Performance Improvement

Pose Detection

14408.680 ms

64.589 ms

223.08x

Object Detection

403.652 ms

41.340 ms

9.76x

These computer vision activities benefit significantly from GPU support. We have found Object Detection has been more popular as a computer vision demonstration, so let’s dig in and see how much performance we can squeeze out of a single GPU.

The Use Case

We are testing for a use case where a ComputerVision app instance runs on a cloudlet and serves multiple clients. Those clients might be surveillance cameras, drones, self-driving cars, etc. In this use case, the number of frames processed per second is important to each client. The time it takes for an object detection result to be returned for an image might make the difference between a smooth, uneventful ride, and a severe car crash. We want to discover the configuration that will give us the lowest possible latency for each client to receive each result. We know Edge computing gives us the lowest possible network latency, and that a GPU-equipped server will process object detection requests much faster than a CPU-only server. But is that enough? This image shows an example of our use case:

Testing Methodology

Using Edge to Test Edge

As most of our GPUs are deployed in Germany, we are also using simulated clients in Germany to approximate a low-latency Edge environment. We use the /client/benchmark web service, which runs as part of every ComputerVision instance in Germany. This allowed us to use any ComputerVision instance as a client to connect to any specified server. One nice thing about this setup is that no software installation is required at all to run a test. As long as you have access to the “curl” command, you can start a benchmarking session.
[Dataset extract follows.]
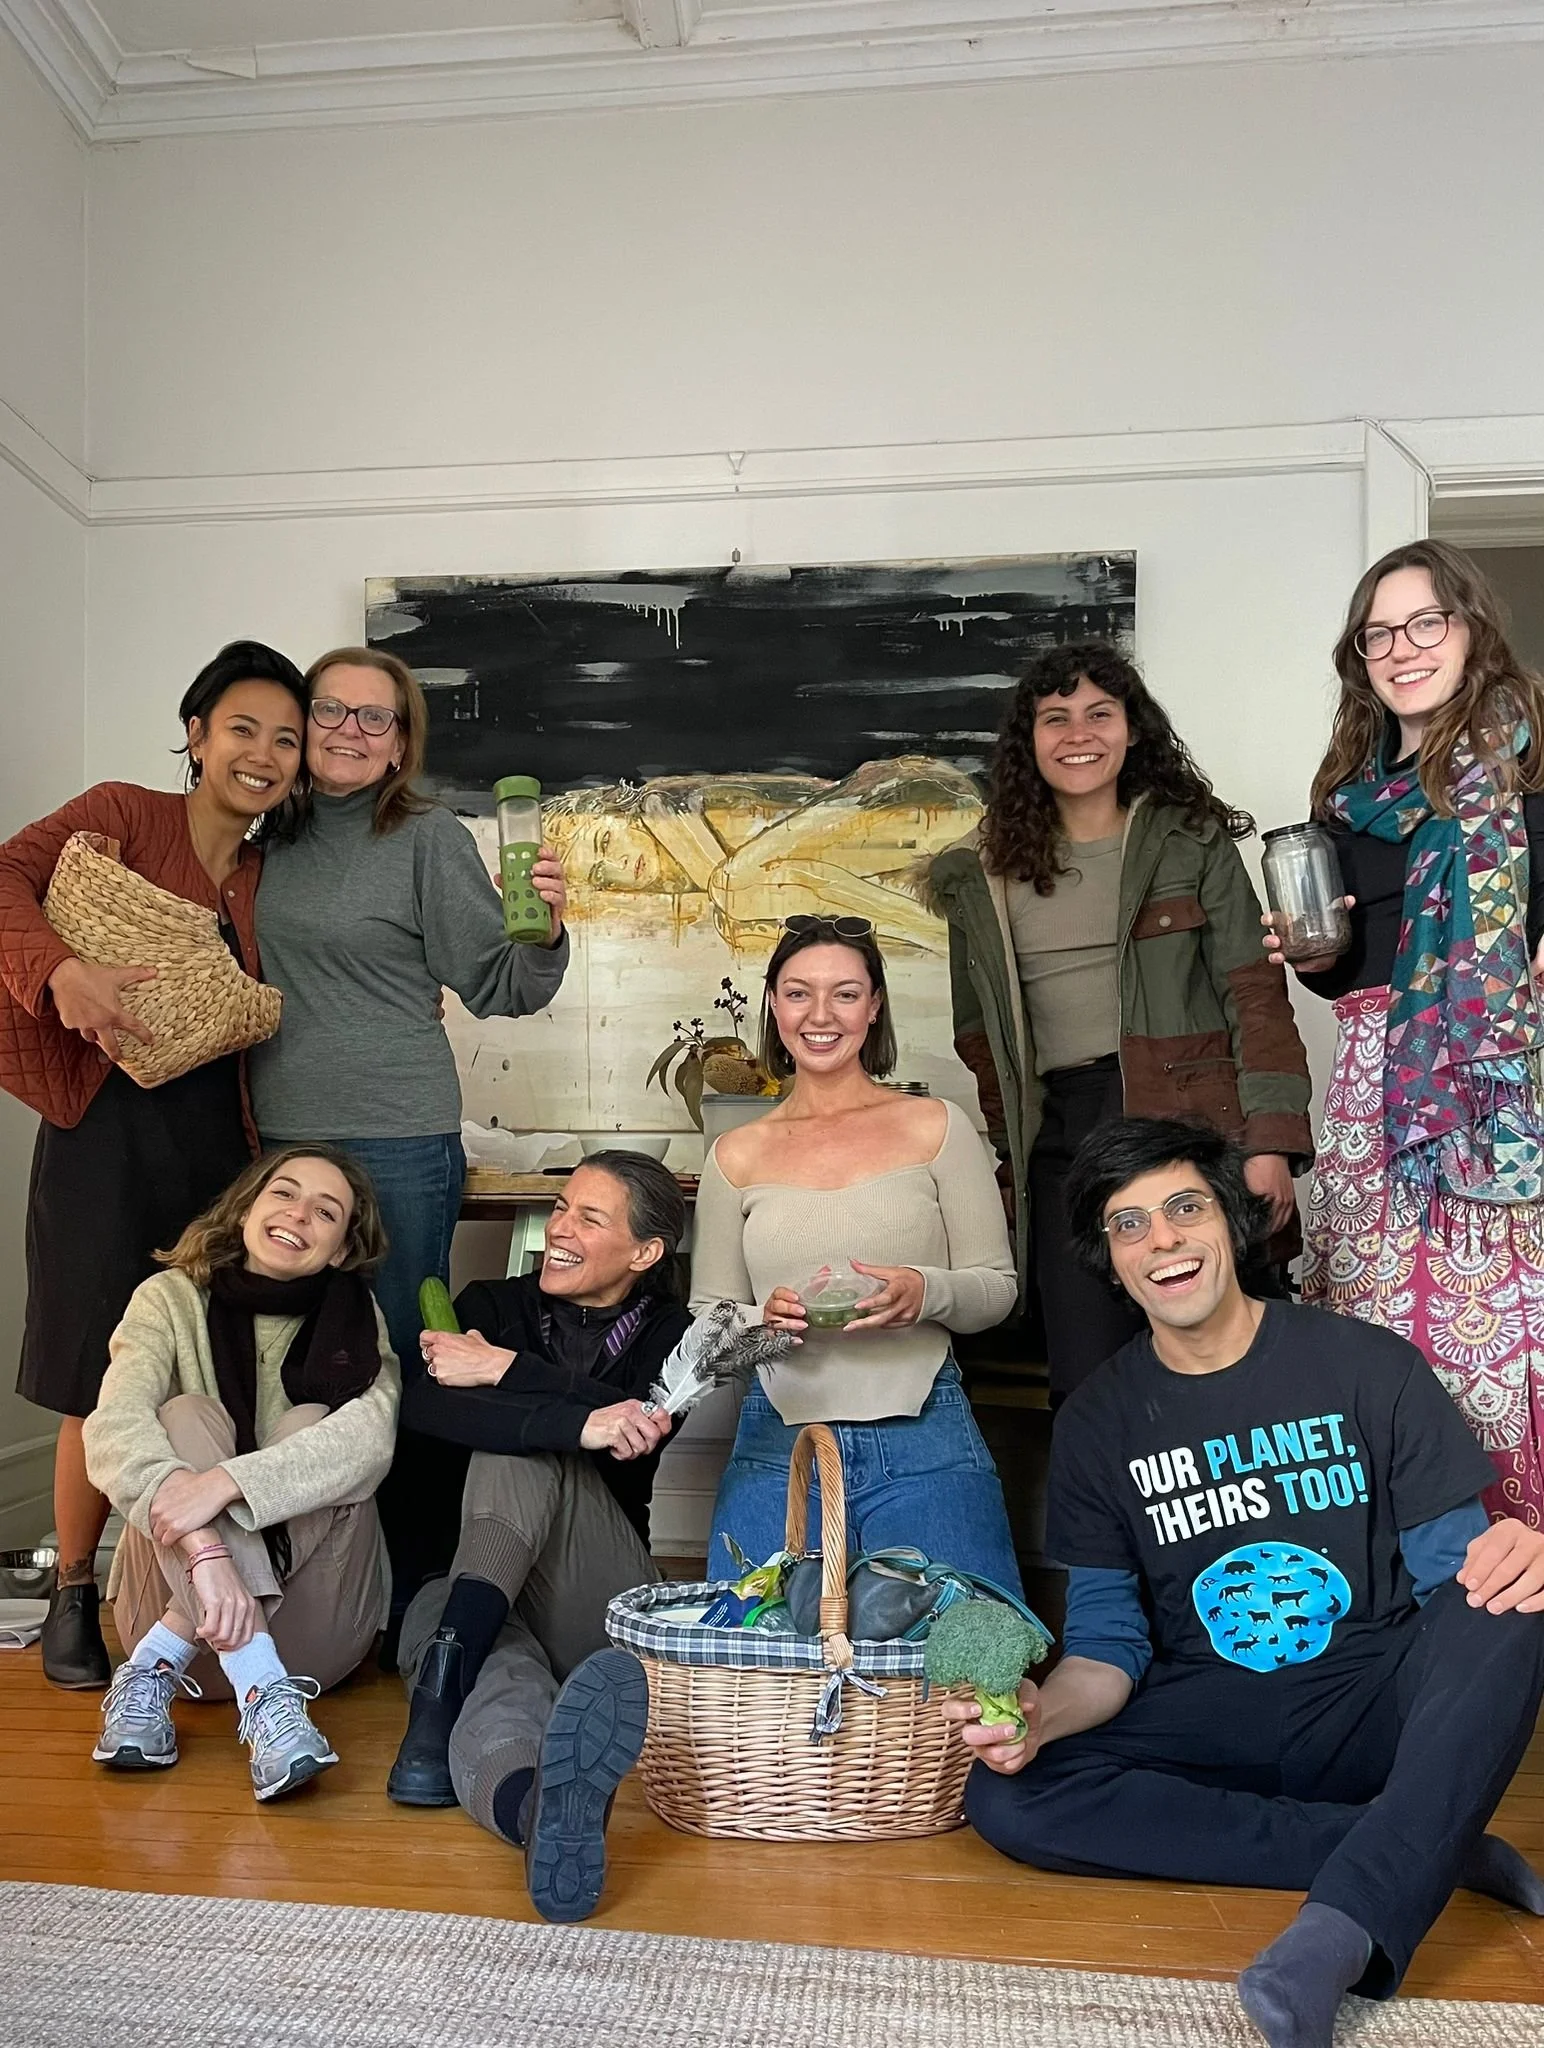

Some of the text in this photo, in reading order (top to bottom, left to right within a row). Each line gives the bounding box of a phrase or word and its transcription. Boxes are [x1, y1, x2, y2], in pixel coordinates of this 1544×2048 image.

[1129, 1413, 1356, 1498] OUR PLANET,
[1145, 1461, 1368, 1545] THEIRS TOO!
The following diagram shows a laptop in the U.S. initiating tests on multiple ComputerVision app instances in Germany, acting as clients and connecting to the server in Frankfurt.
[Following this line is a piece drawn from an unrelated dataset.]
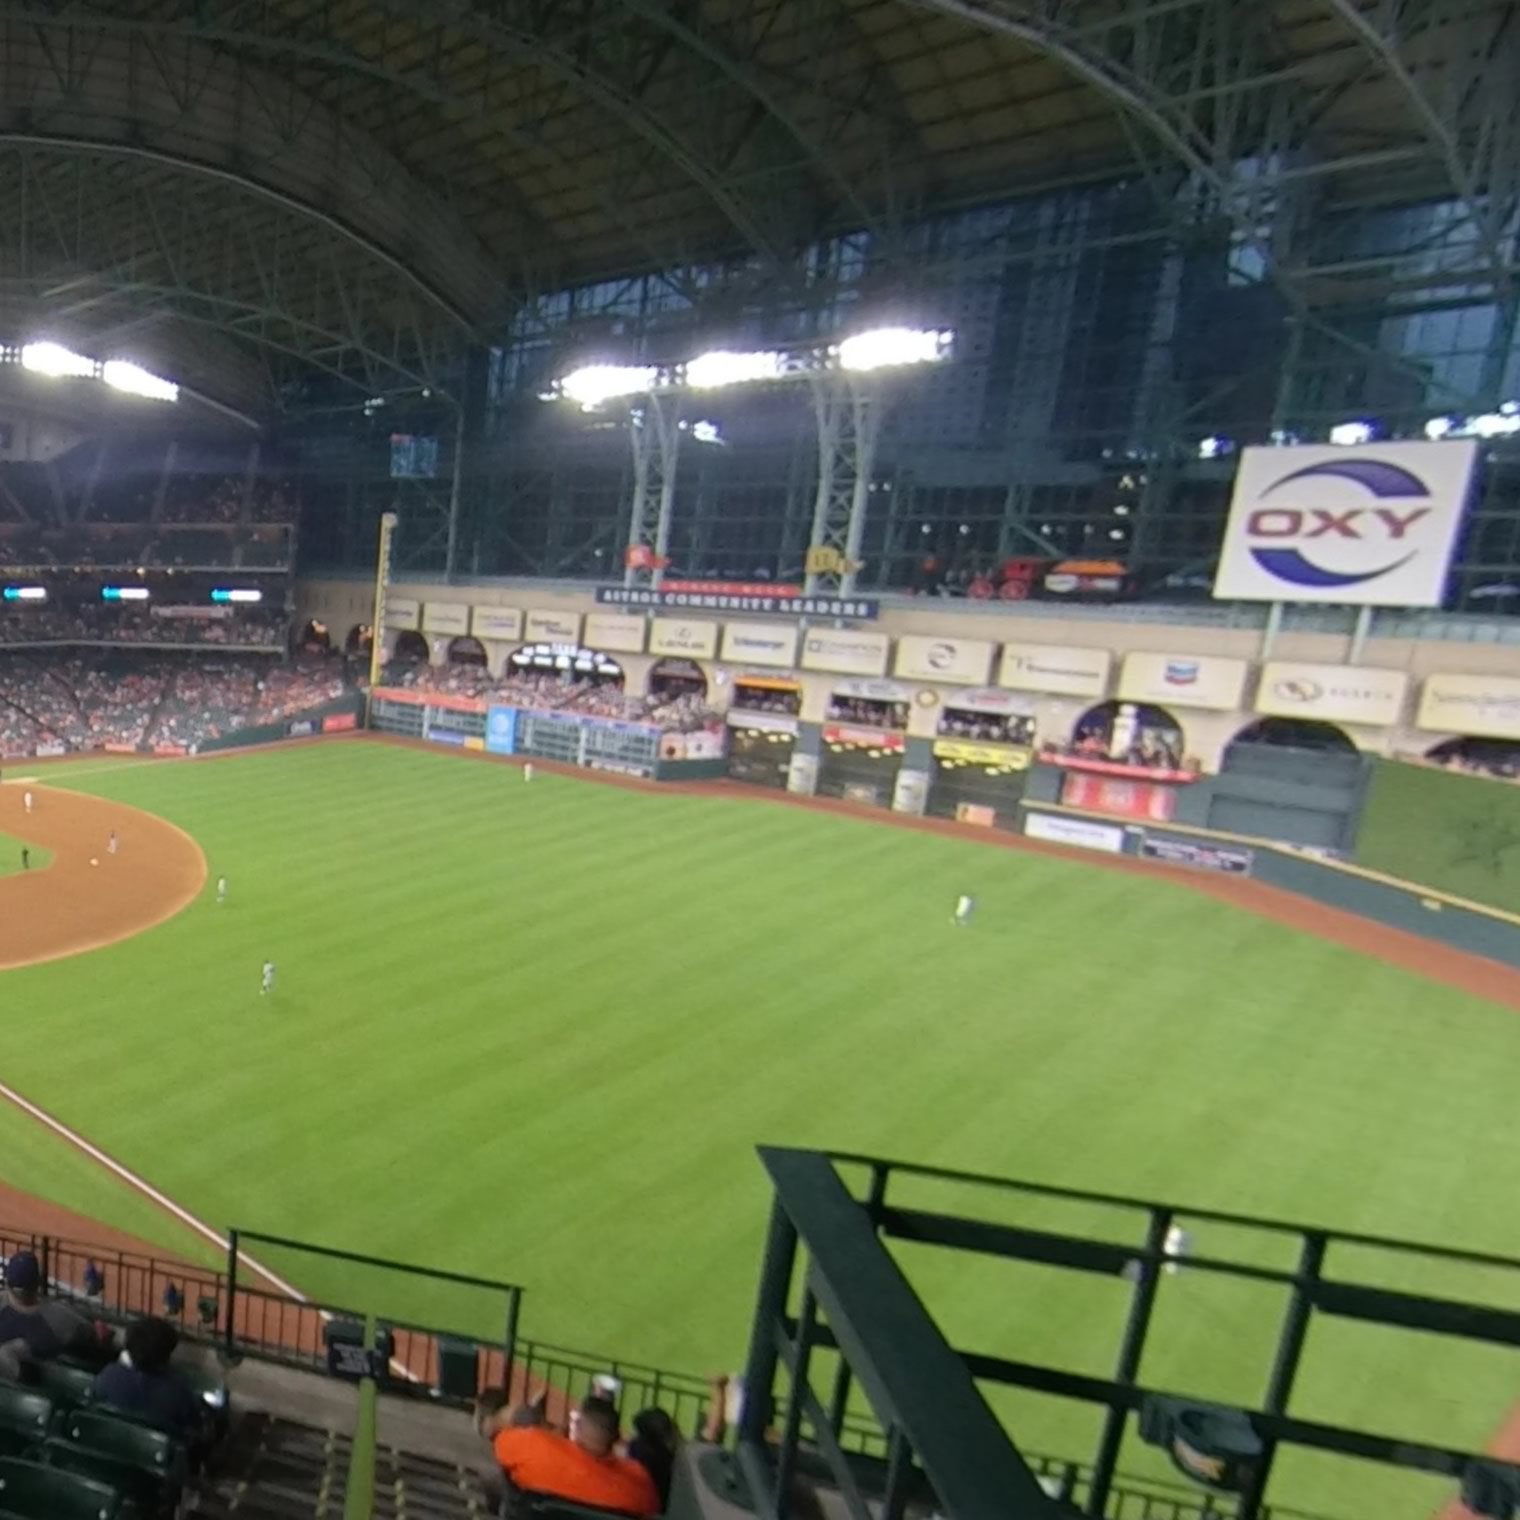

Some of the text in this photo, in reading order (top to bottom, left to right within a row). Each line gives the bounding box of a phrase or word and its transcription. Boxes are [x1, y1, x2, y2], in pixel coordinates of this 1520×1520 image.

[1247, 506, 1432, 540] OXY
[603, 589, 868, 617] ASTROS COMMUNITY LEADERS
Here’s an example command line that launches a client in Dusseldorf which connects to a server in Berlin and processes each frame of a specified video:

curl -X POST https://cv-gpu-cluster.dusseldorf-main.tdg.mobiledgex.net:8008/client/benchmark/ -d "-s cv-gpu-cluster.berlin-main.tdg.mobiledgex.net --tls -e /object/detect/ -c websocket -f objects_320x180.mp4 -n PING --server-stats”

These are the results returned:

========================================================================================
Grand totals for cv-gpu-cluster.berlin-main.tdg.mobiledgex.net /object/detect/ websocket
1 threads repeated 1 times on 1 files. 313 total frames. FPS=17.51
========================================================================================
====> Average Latency Full Process=54.830 ms (stddev=26.618) FPS=18.24
====> Average Latency Network Only=11.763 ms (stddev=0.522)
====> Average Server Processing Time=31.972 ms (stddev=3.005)
====> Average CPU Utilization=17.1%
====> Average Memory Utilization=55.0%
====> Average GPU Utilization=33.5%
====> Average GPU Memory Utilization=20.4%

Details of what the client actually does can be seen in the source of the multi_client.py script in our repo. This script can be run from the command line to initiate a test, or it can be called from the /client/benchmark endpoint to remotely launch a client benchmark to any ComputerVision server.

With another script, we can launch multiple clients simultaneously, and aggregate the results. Here is an example command line for remote_bench.py and a snippet of the results:

python remote_bench.py -n 2

2/2 clients reporting:
Num Clients, FPS/Client, Total FPS, % CPU, %Mem, %GPU, %GPU Mem
2, 13.41, 26.81, 23.08, 17.83, 25.02, 15.05

The last couple of lines allow importing CSV data into a spreadsheet. We will see several spreadsheets in the “Results” section below.

Server Hardware Architecture

CPU-only 

This configuration is used as a baseline to collect results with no GPU support. The CPU is an Intel Xeon Processor (Skylake, IBRS) with four cores running at 2992.968 MHz. Server configuration summary:

RAM Size(GB)

8

Number of vCPUs

4

Disk Space(GB)

80

Number of GPUs

0

GPU Support 

This configuration keeps the same CPU and RAM as above, but adds a GPU.

RAM Size(GB)

8

Number of vCPUs

4

Disk Space(GB)

160

Number of GPUs

1

The GPU is a NVIDIA Tesla T4 with 16GB. The NVIDIA GPU driver used is version 440.64 and the CUDA version is 10.2.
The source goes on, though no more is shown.